• 16 Décembre 2016

    Application de la réforme du droit des contrats

    Réforme du droit des contrats et son application :

    L’ordonnance du 10 février 2016 portant réforme du droit des contrats entre en vigueur dès sa publication au titre de l’article 38 de la Constitution, à condition toutefois qu’un projet de loi de ratification soit déposé devant le Parlement avant la date fixée par la loi d’habilitation.

    En effet, l’article 38 dispose que :

    « Le Gouvernement peut, pour l'exécution de son programme, demander au Parlement l'autorisation de prendre par ordonnances, pendant un délai limité, des mesures qui sont normalement du domaine de la loi. Les ordonnances sont prises en conseil des ministres après avis du Conseil d'État. Elles entrent en vigueur dès leur publication mais deviennent caduques si le projet de loi de ratification n'est pas déposé devant le Parlement avant la date fixée par la loi d'habilitation. Elles ne peuvent être ratifiées que de manière expresse. »

    C’est ainsi qu’un projet de loi de ratification a été déposé le 6 juillet 2016 devant le Parlement dans le délai 6 mois suivant l’ordonnance, délai fixé par la loi d’habilitation du 16 février 2015.

    Bien que la réforme du droit des contrats portée par l’ordonnance du 10 février 2016 ait fait l’objet d’un tel dépôt de projet de loi, cette dernière n’a jamais été votée par le Parlement. En effet, aucun délai obligatoire n’existe pour le législateur d’adopter une telle loi.

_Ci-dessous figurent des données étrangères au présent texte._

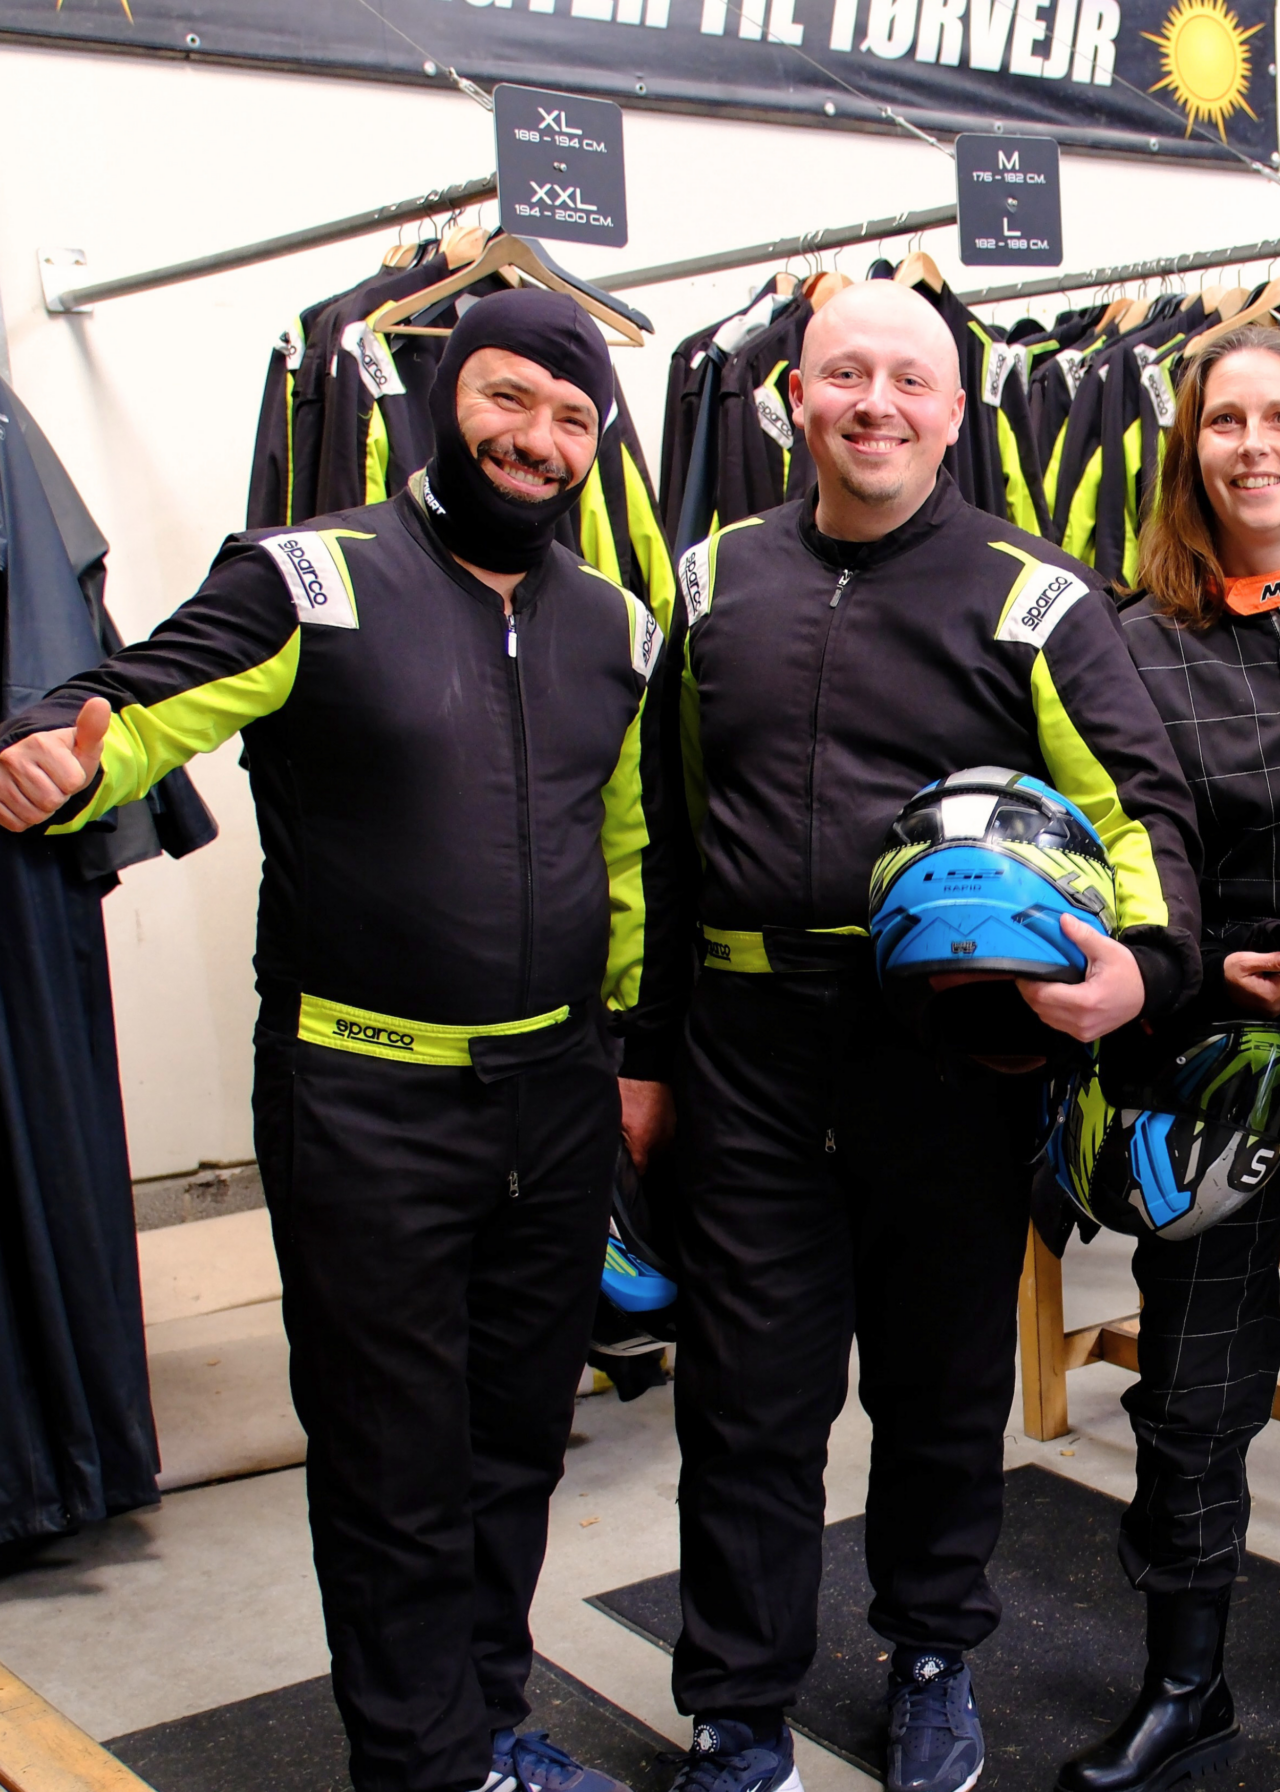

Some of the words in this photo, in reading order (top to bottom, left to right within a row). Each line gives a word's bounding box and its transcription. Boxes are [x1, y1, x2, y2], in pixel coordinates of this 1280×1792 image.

    Elle n’a donc qu’une valeur réglementaire en l’absence de loi de ratification. Cette situation a ainsi interpellé Stéphane Larrière dans un article rédigé le 16 octobre 2016 et accessible à l’adresse internet suivante : http://laloidesparties.fr/reforme-droit-contrats.

    Il semble difficile, selon lui, qu’un texte de nature réglementaire et en l’absence de ratification expresse lui conférant une valeur législative, puisse modifier la loi existante, au regard de la hiérarchie des normes.

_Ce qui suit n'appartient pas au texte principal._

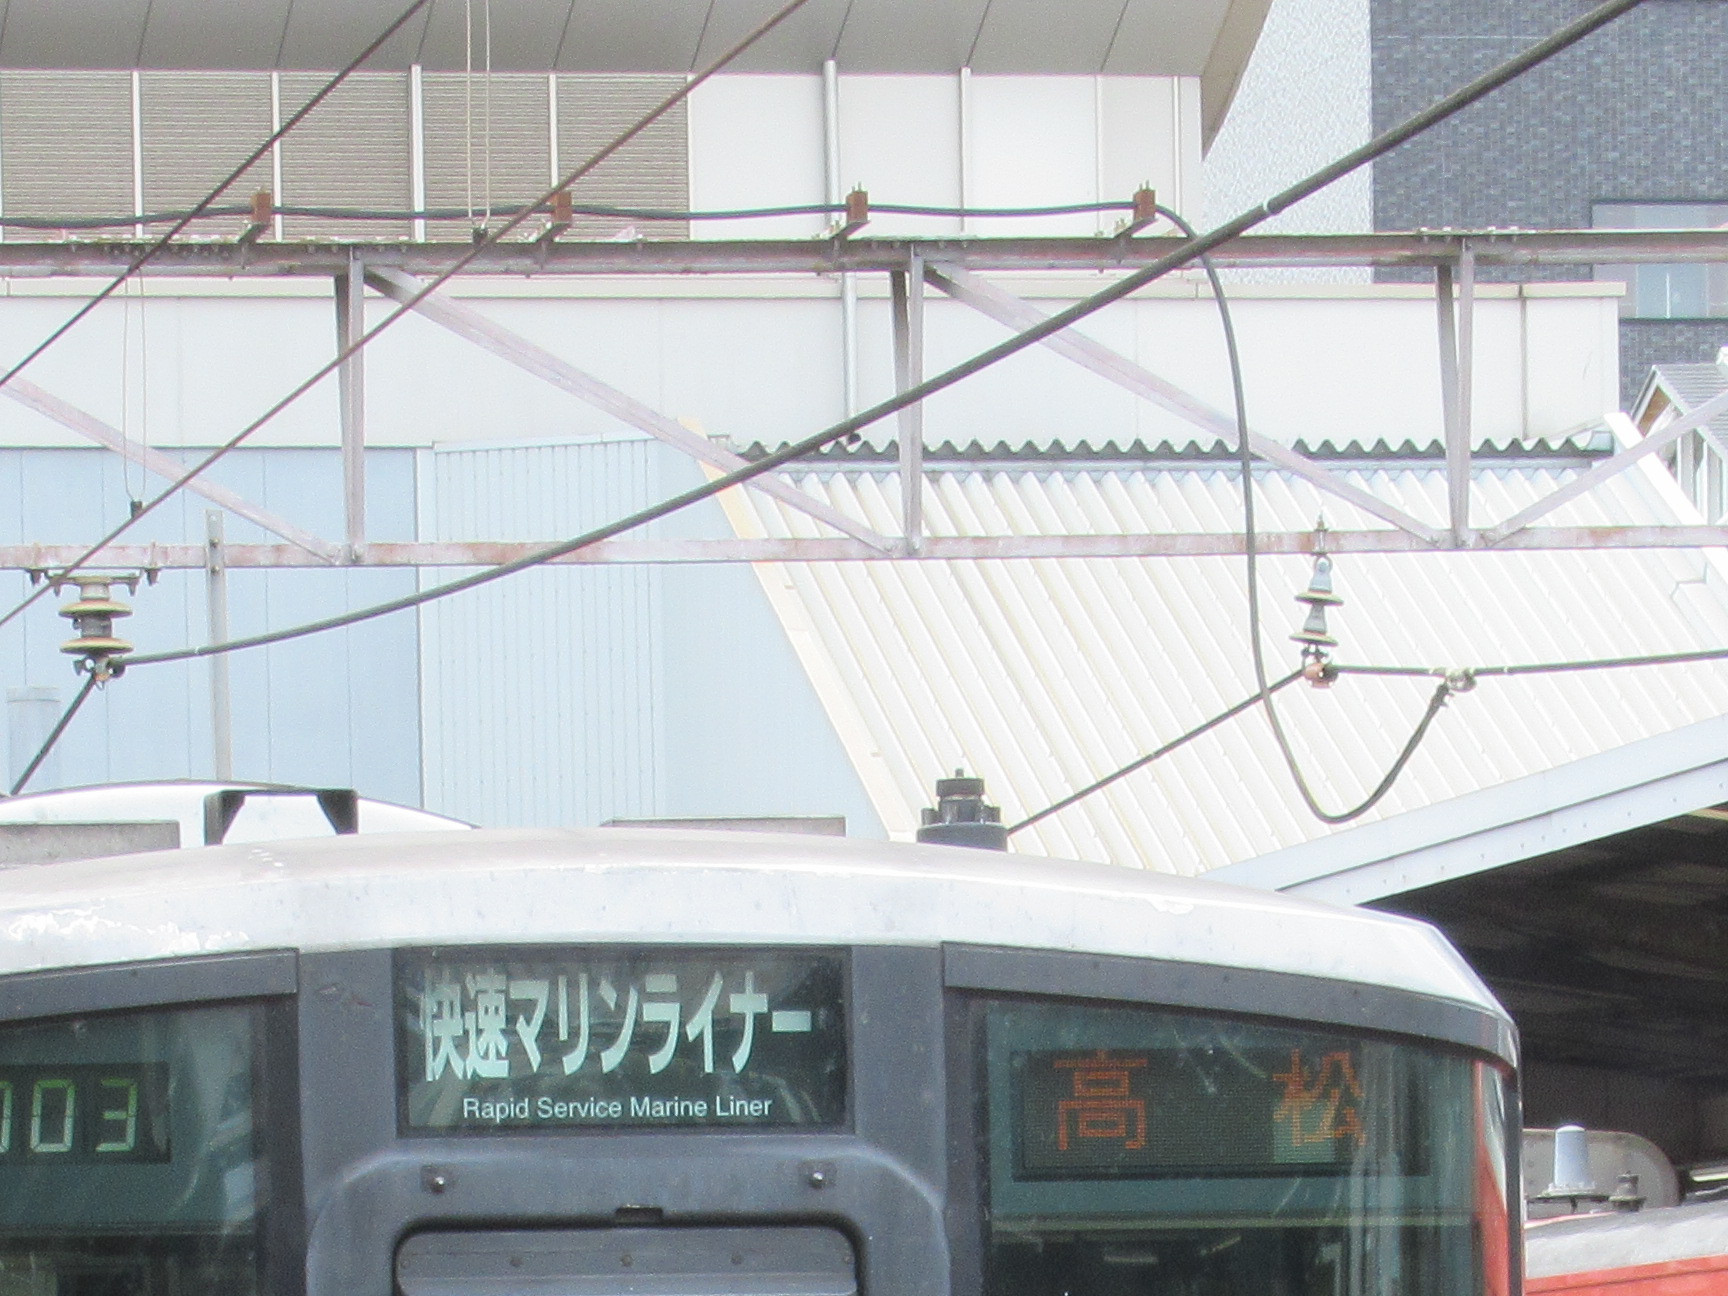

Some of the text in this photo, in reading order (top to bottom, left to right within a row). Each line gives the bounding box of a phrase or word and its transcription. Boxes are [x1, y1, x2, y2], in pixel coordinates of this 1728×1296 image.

[420, 971, 812, 1082] 快速マリンライナー
[463, 1096, 773, 1121] Rapid Service Marine Liner
[1053, 1048, 1366, 1152] 高松

    Ainsi, bien que l’ordonnance soit entrée en vigueur, elle ne serait pas applicable car elle resterait un acte administratif qui ne peut modifier la loi existante tant que l’étape de la ratification n’a pas été respectée.

    Monsieur Larrière va encore plus loin en déclarant que trois régimes pourraient cohabiter :

    • les dispositions anciennes du Code civil à valeur législative,

    • Les règles nouvelles de l’ordonnance à valeur réglementaire,

    • Les dispositions de la loi de ratification si elles venaient à modifier l’ordonnance de février 2016.

    Cependant, il semble difficile de contester l’application de cette réforme du droit des contrats, car les délais ont été tenus. En effet, le projet de loi de ratification a été déposé, et l’article 38 de la Constitution n’exige nullement que le projet de loi de ratification soit voté ou même discuté, et ne prévoit, en outre, pas de délai pour une telle ratification, il suffit que le projet soit déposé. La réforme est donc entrée en vigueur et n’est pas caduque.

    Il est cependant possible que la loi de ratification à venir apporte des modifications aux dispositions de l’ordonnance. Cela pourrait alors faire évoluer le contenu de cette ordonnance et créer deux situations différentes entre les dispositions antérieures à la loi de ratification issues de l’ordonnance, et celles issues de la loi de ratification en cas de modifications de l’ordonnance (G. Chantepie, 12 juillet 2016, Blog Dalloz – réforme droit des contrats).

    En outre, et depuis la réforme constitutionnelle de 2008, la ratification doit être expresse comme le prévoit l’alinéa 2 de l’article 38. Ainsi, le projet de loi revêt quasiment une fonction conservatoire en attendant la loi de ratification. Le Conseil d’État et le Conseil constitutionnel ont validé ce principe de validation expresse, en jugeant qu’une ordonnance non expressément ratifiée a un caractère règlementaire et que ses dispositions n’ont pas de valeur législative (CE, 11 mars 2011, M. Alexandre A., n° 341658 et CC n° 2011-219 QPC du 10 février 2012).

    Ainsi, l’ordonnance est entrée en vigueur suite au dépôt du projet de loi de ratification, mais elle reste un acte règlementaire dans l’attente de la loi de ratification pour donner valeur législative aux dispositions prises. Dans cette attente, ces dispositions ne peuvent être contestées que devant le Conseil d’État et non devant le Conseil constitutionnel par voie de QPC (question prioritaire de constitutionnalité).

    Il semble donc que l’application de la réforme ne soit pas discutable puisque le projet de loi a été déposé, les dispositions de l’ordonnance sont donc entrées en vigueur le 1er octobre 2016. Il reste à savoir si la loi de ratification portera modification des dispositions de l’ordonnance ce qui pourrait engendrer deux régimes de droit (G. Chantepie, précitée).